## [What the task requires]
Once you reach the line that contains "this 1920×1440 image.", retype it and every line after it exactly, ending with the last line of the entries.

## [Information shown]
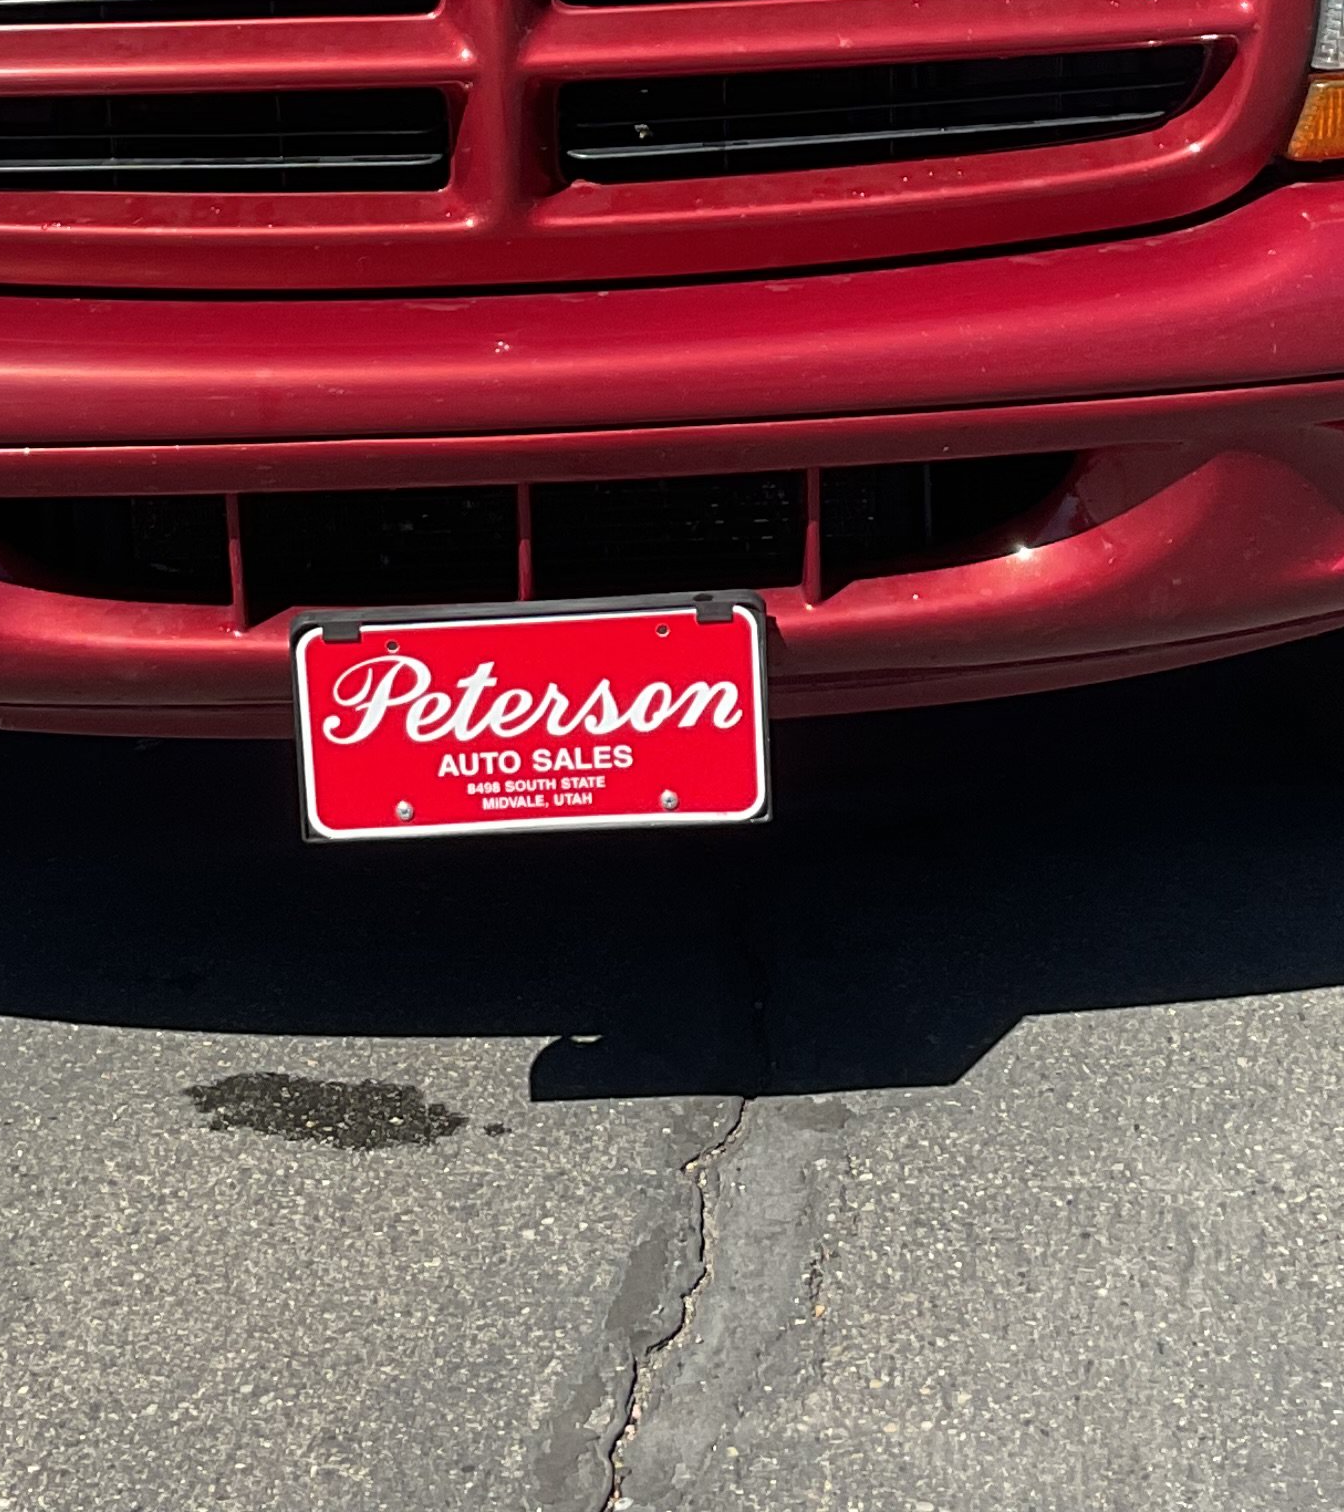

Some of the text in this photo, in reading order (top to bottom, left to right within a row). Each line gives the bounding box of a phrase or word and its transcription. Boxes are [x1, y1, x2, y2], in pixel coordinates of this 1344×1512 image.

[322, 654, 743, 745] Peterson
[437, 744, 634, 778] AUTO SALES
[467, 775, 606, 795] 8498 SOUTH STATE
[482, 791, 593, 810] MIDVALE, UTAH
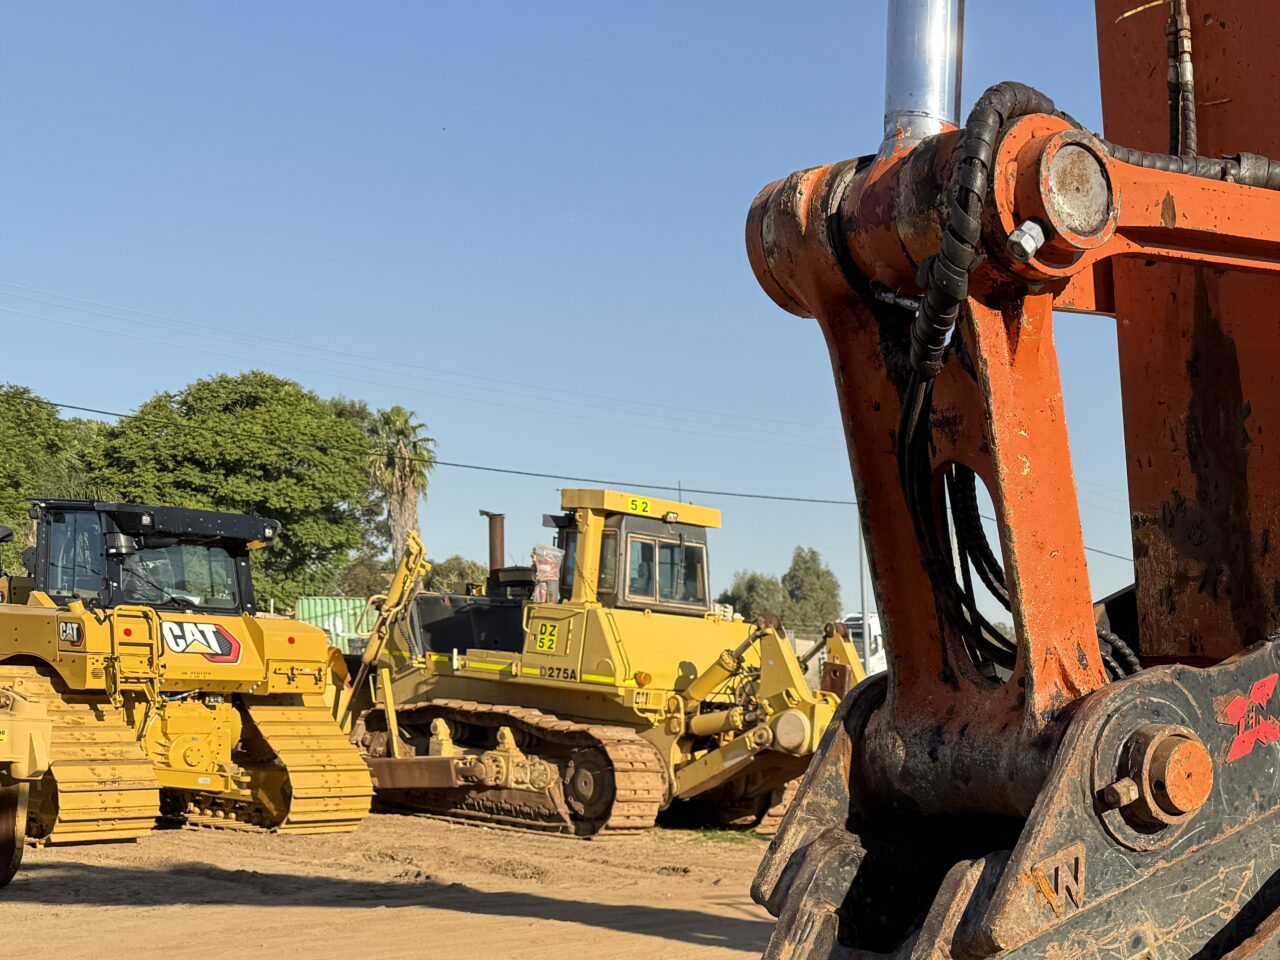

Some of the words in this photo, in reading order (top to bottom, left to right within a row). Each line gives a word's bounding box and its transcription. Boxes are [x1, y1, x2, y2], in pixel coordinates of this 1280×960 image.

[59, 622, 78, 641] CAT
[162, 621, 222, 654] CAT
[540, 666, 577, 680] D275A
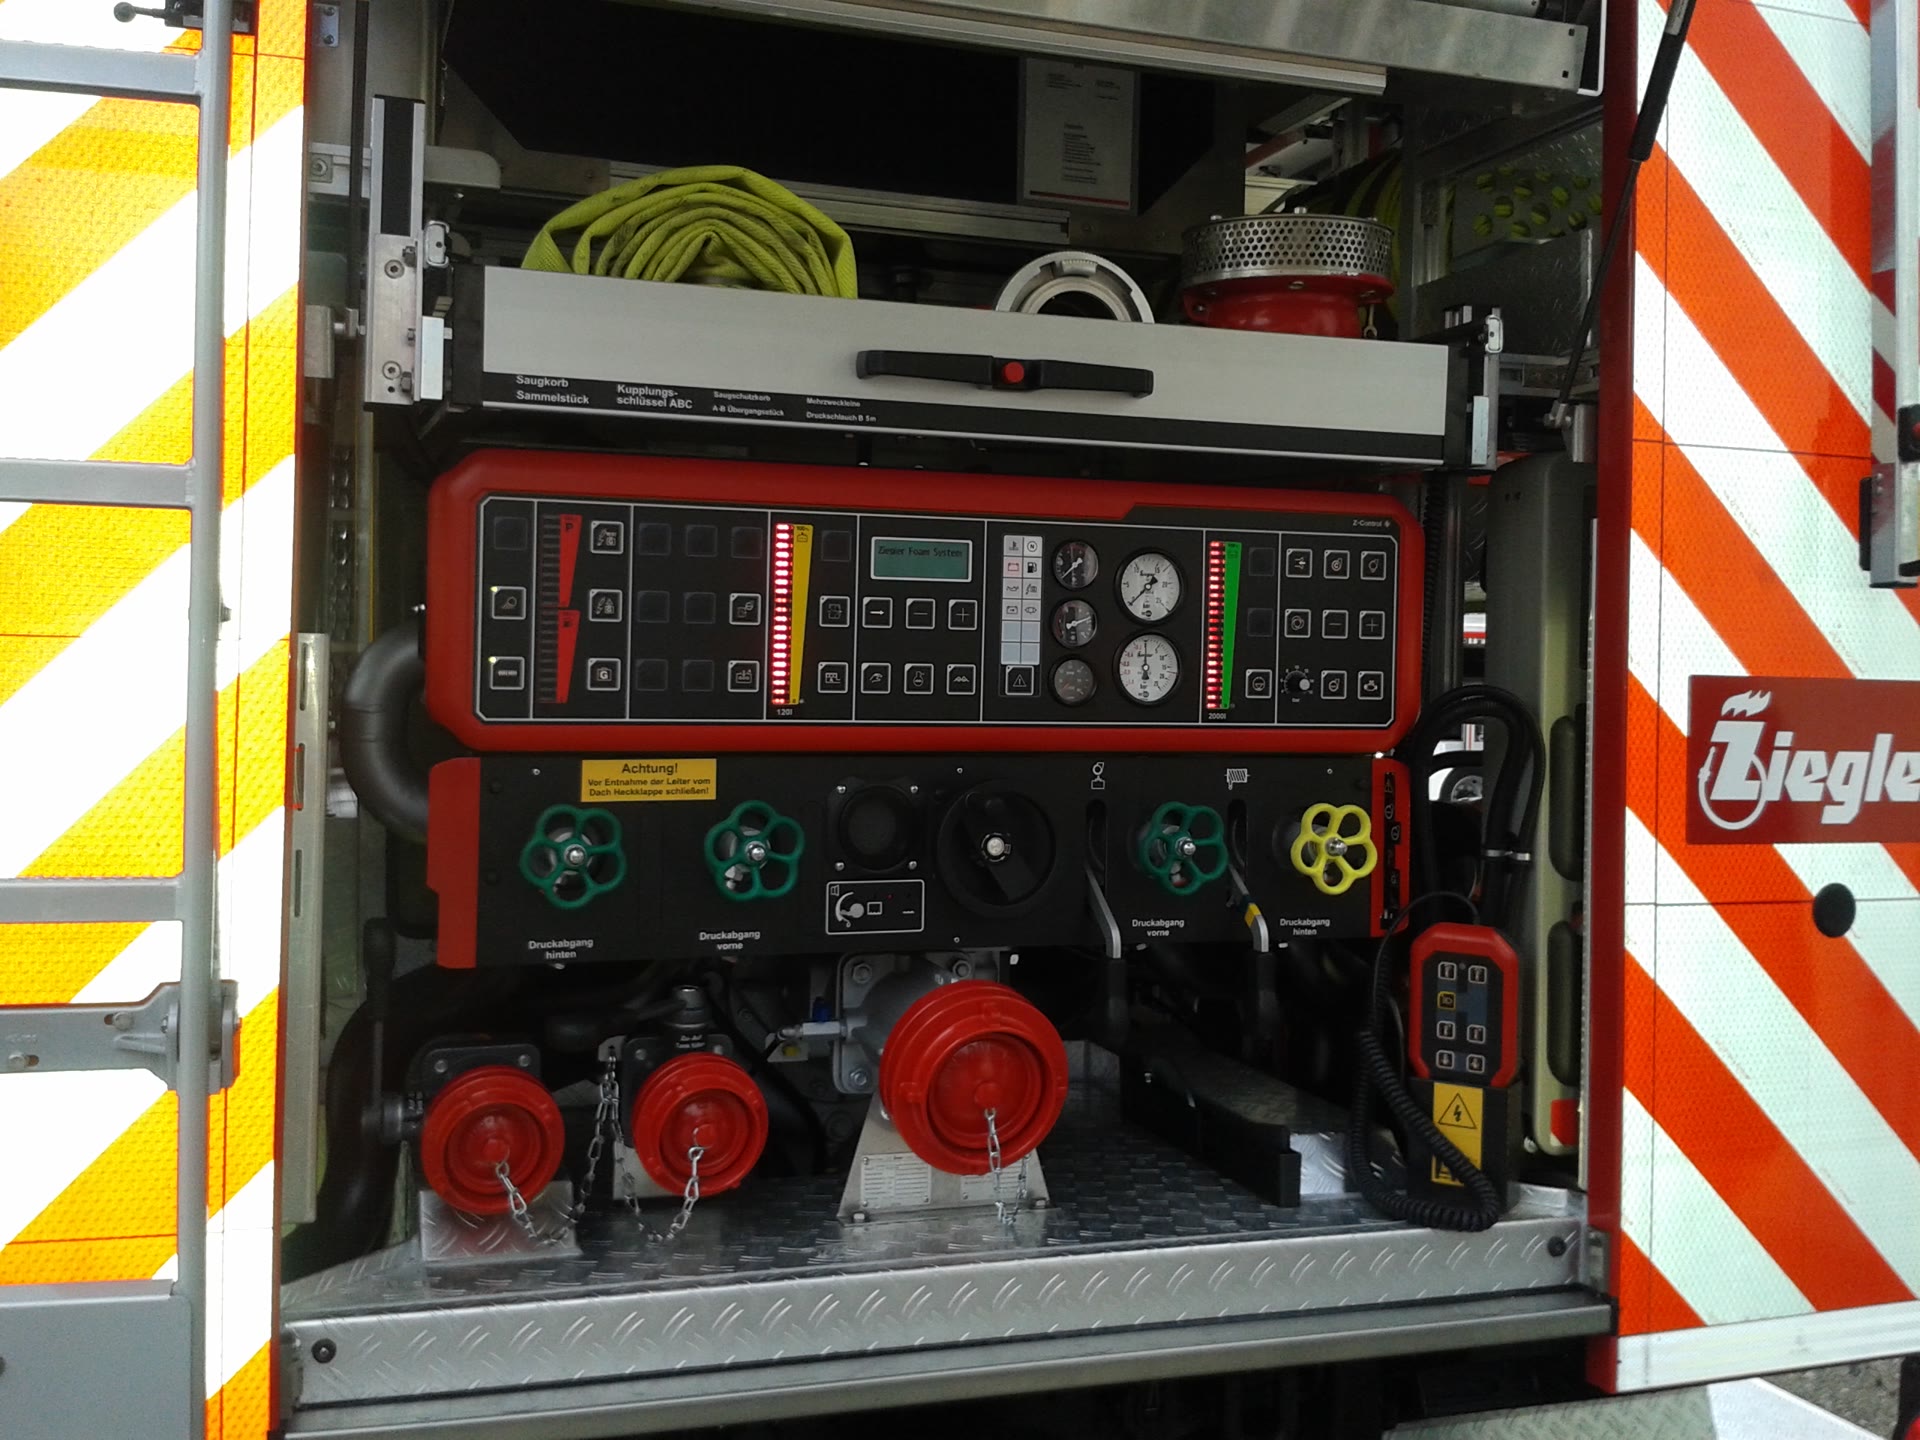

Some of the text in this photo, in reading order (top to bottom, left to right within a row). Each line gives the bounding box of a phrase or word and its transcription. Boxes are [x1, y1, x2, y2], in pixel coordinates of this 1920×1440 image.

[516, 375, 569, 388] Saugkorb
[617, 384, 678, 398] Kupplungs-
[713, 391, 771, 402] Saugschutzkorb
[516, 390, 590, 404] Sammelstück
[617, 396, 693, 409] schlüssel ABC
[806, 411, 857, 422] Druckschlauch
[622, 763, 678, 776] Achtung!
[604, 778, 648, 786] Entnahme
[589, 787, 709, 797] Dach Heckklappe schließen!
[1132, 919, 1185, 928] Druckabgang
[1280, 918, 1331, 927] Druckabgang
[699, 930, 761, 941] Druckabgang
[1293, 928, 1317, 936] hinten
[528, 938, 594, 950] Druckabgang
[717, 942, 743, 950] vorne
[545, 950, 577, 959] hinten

## [Exercise result]
Some of the text in this photo, in reading order (top to bottom, left to right within a row). Each line gives the bounding box of a phrase or word and its transcription. Boxes are [x1, y1, x2, y2], in pixel coordinates of this 1920×1440 image.

[516, 375, 569, 388] Saugkorb
[617, 384, 678, 398] Kupplungs-
[713, 391, 771, 402] Saugschutzkorb
[516, 390, 590, 404] Sammelstück
[617, 396, 693, 409] schlüssel ABC
[806, 411, 857, 422] Druckschlauch
[622, 763, 678, 776] Achtung!
[604, 778, 648, 786] Entnahme
[589, 787, 709, 797] Dach Heckklappe schließen!
[1132, 919, 1185, 928] Druckabgang
[1280, 918, 1331, 927] Druckabgang
[699, 930, 761, 941] Druckabgang
[1293, 928, 1317, 936] hinten
[528, 938, 594, 950] Druckabgang
[717, 942, 743, 950] vorne
[545, 950, 577, 959] hinten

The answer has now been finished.